-- Problem requirements --
Please give again every entry exactly as it appears, setting aside the pictures.

◆ ◆ ◆ ◆

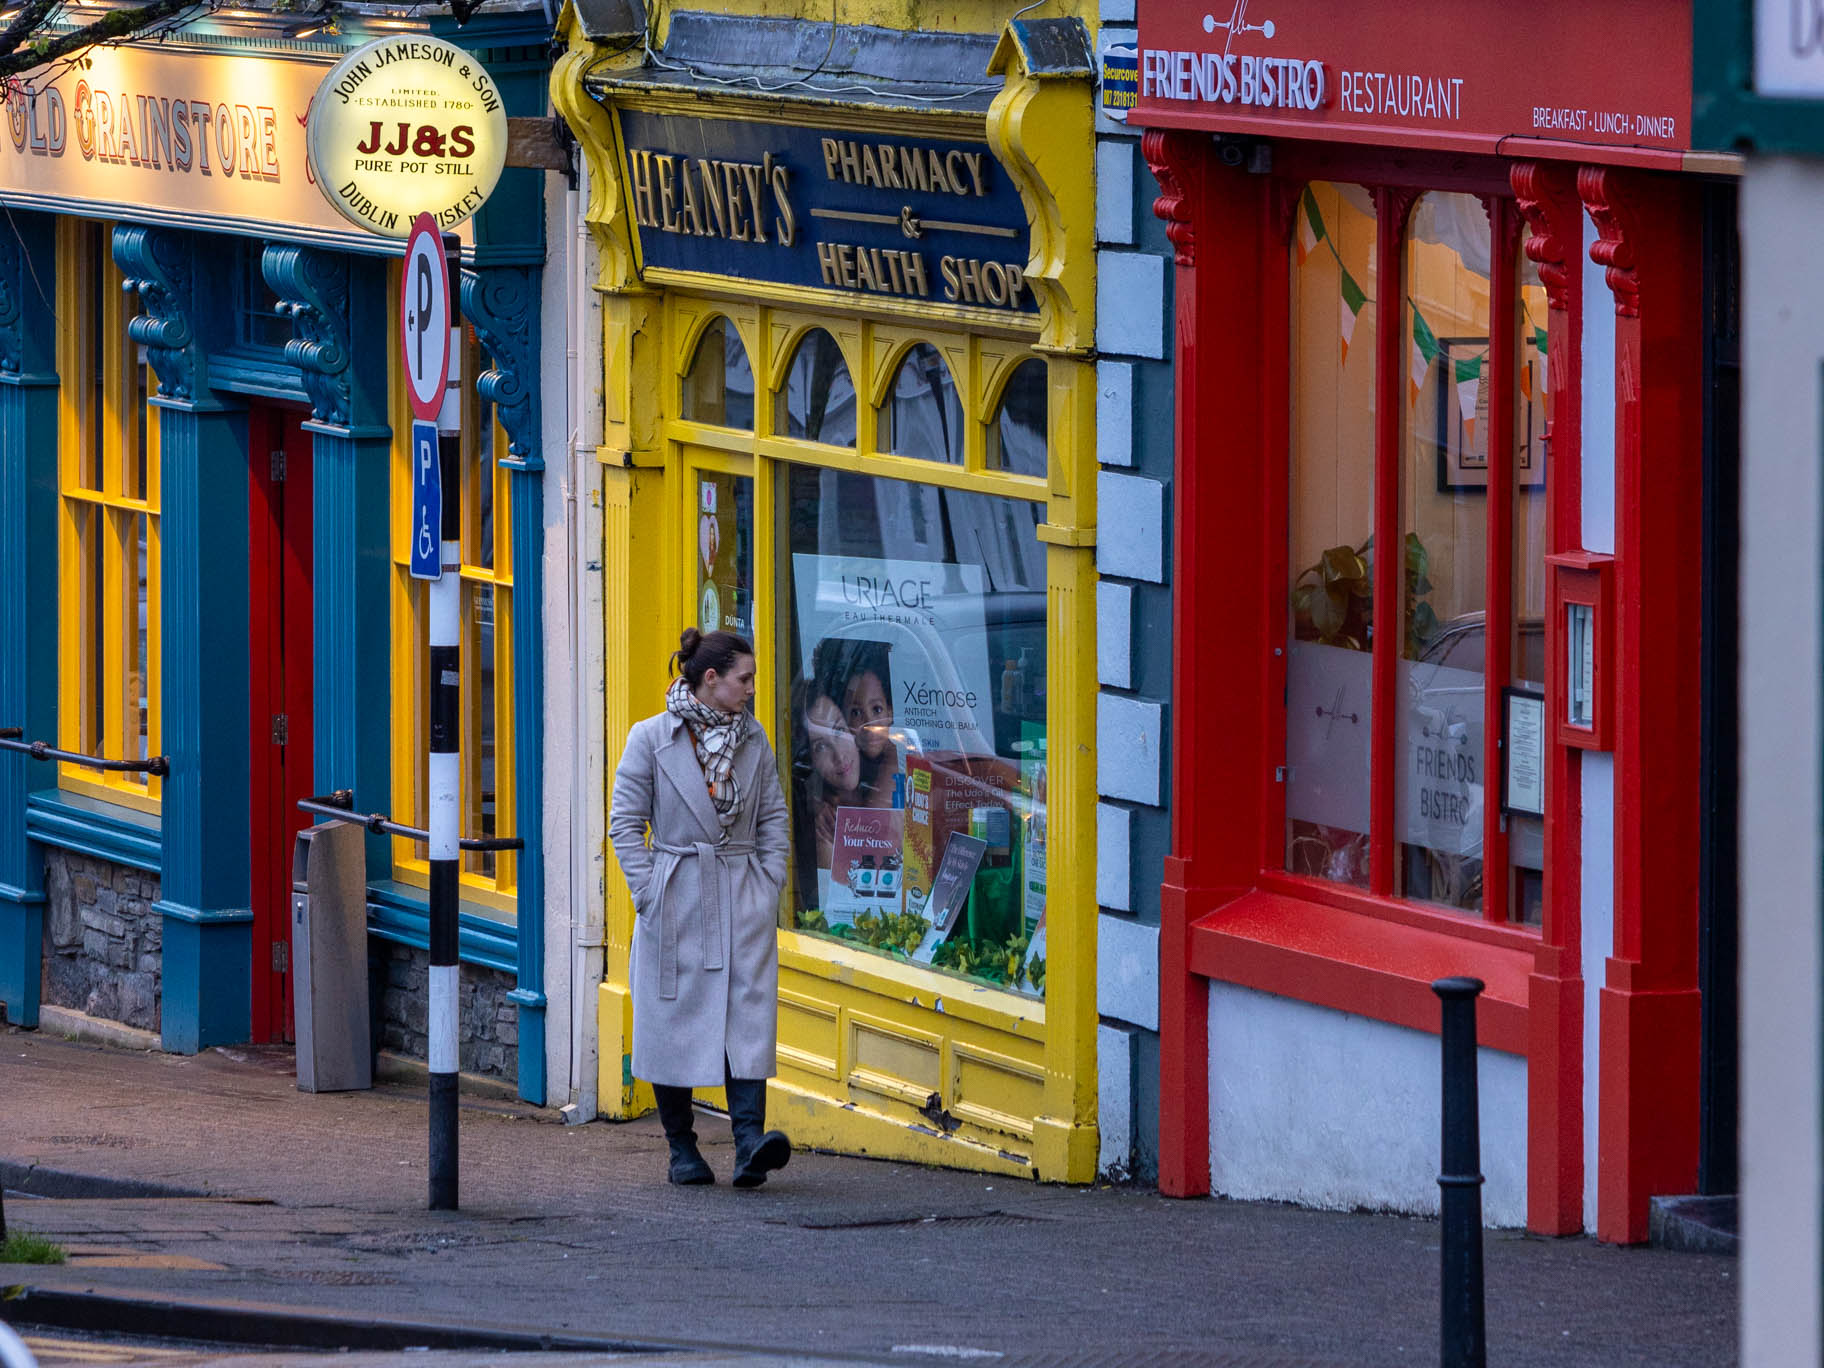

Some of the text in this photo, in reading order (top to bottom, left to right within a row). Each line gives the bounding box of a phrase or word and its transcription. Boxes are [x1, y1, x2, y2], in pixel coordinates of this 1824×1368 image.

[333, 43, 500, 114] JOHN JAMESON & SON
[1143, 49, 1464, 120] FRIENDS BISTRO RESTAURANT
[7, 74, 280, 182] OLD GRAINSTORE
[357, 121, 475, 158] JJ&S
[1533, 107, 1675, 138] BREAKFAST LUNCH DINNER
[355, 160, 474, 176] PURE POT STILL
[822, 138, 986, 197] PHARMACY
[339, 182, 399, 229] DUBLIN
[629, 149, 796, 247] HEANEY'S
[900, 206, 921, 239] &
[816, 242, 1024, 309] HEALTH SHOP
[417, 251, 433, 381] P
[421, 439, 431, 486] P
[841, 575, 934, 611] URIAGE
[845, 611, 935, 626] EAU THERMALE
[903, 680, 977, 709] Xémose
[905, 717, 944, 729] SOOTHING
[945, 775, 1004, 787] DISCOVER
[1416, 745, 1476, 783] FRIENDS
[1420, 788, 1470, 826] BISTRO
[843, 836, 893, 849] Your Stress
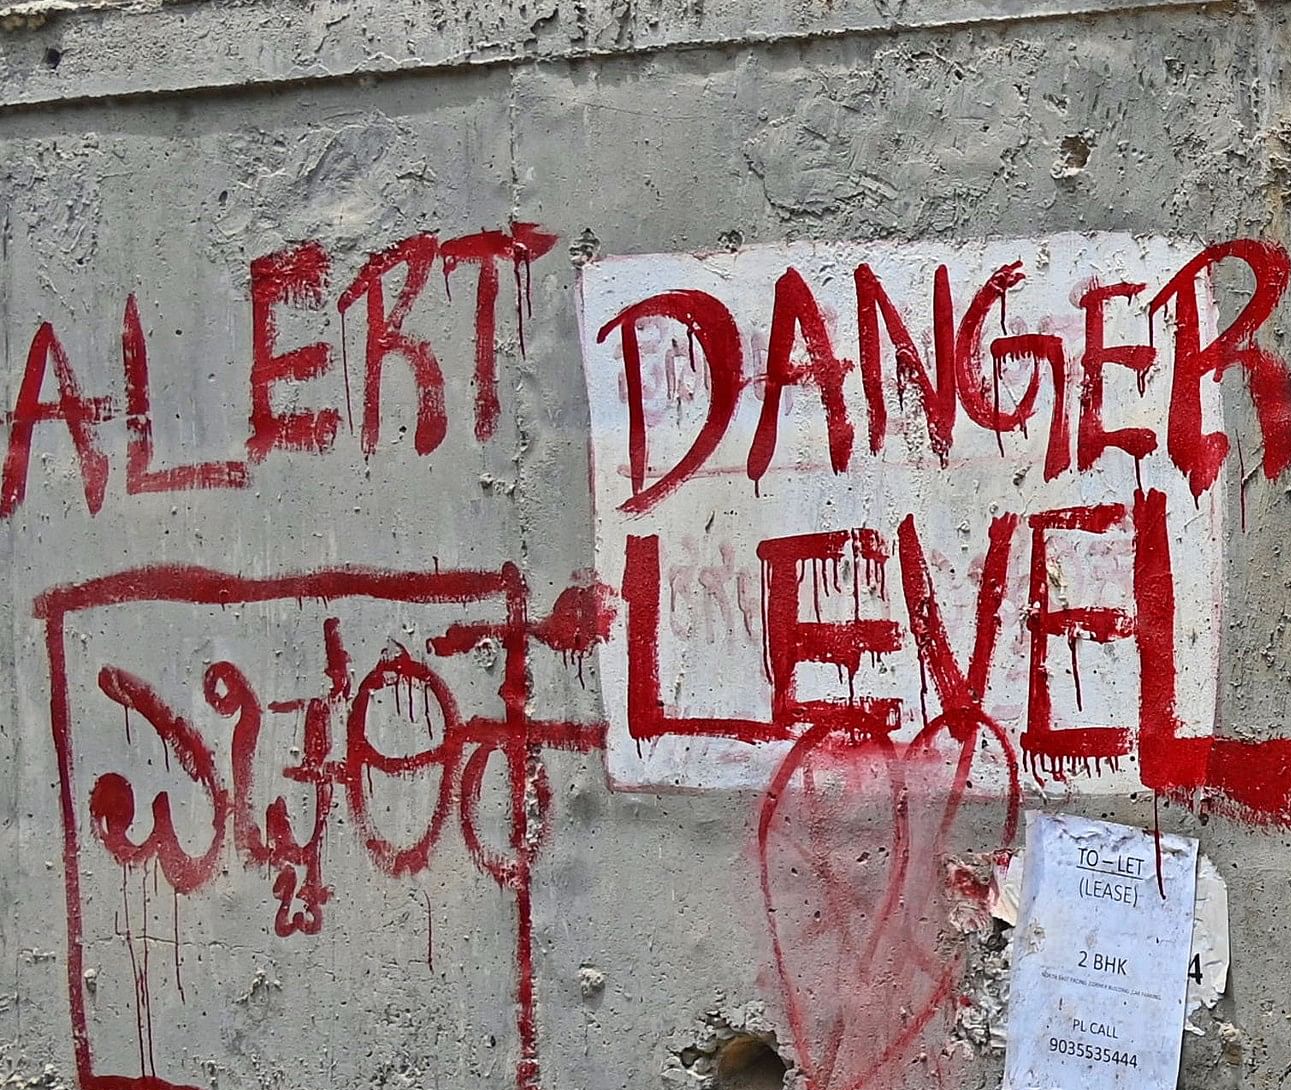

◆ ◆ ◆ ◆

-- Exercise output --
Some of the text in this photo, in reading order (top to bottom, left to right within a row). Each line gives the bounding box of a phrase or word and its transcription. Boxes are [x1, y1, x2, y2], in pixel coordinates of this 1824×1368 image.

[333, 43, 500, 114] JOHN JAMESON & SON
[1143, 49, 1464, 120] FRIENDS BISTRO RESTAURANT
[7, 74, 280, 182] OLD GRAINSTORE
[357, 121, 475, 158] JJ&S
[1533, 107, 1675, 138] BREAKFAST LUNCH DINNER
[355, 160, 474, 176] PURE POT STILL
[822, 138, 986, 197] PHARMACY
[339, 182, 399, 229] DUBLIN
[629, 149, 796, 247] HEANEY'S
[900, 206, 921, 239] &
[816, 242, 1024, 309] HEALTH SHOP
[417, 251, 433, 381] P
[421, 439, 431, 486] P
[841, 575, 934, 611] URIAGE
[845, 611, 935, 626] EAU THERMALE
[903, 680, 977, 709] Xémose
[905, 717, 944, 729] SOOTHING
[945, 775, 1004, 787] DISCOVER
[1416, 745, 1476, 783] FRIENDS
[1420, 788, 1470, 826] BISTRO
[843, 836, 893, 849] Your Stress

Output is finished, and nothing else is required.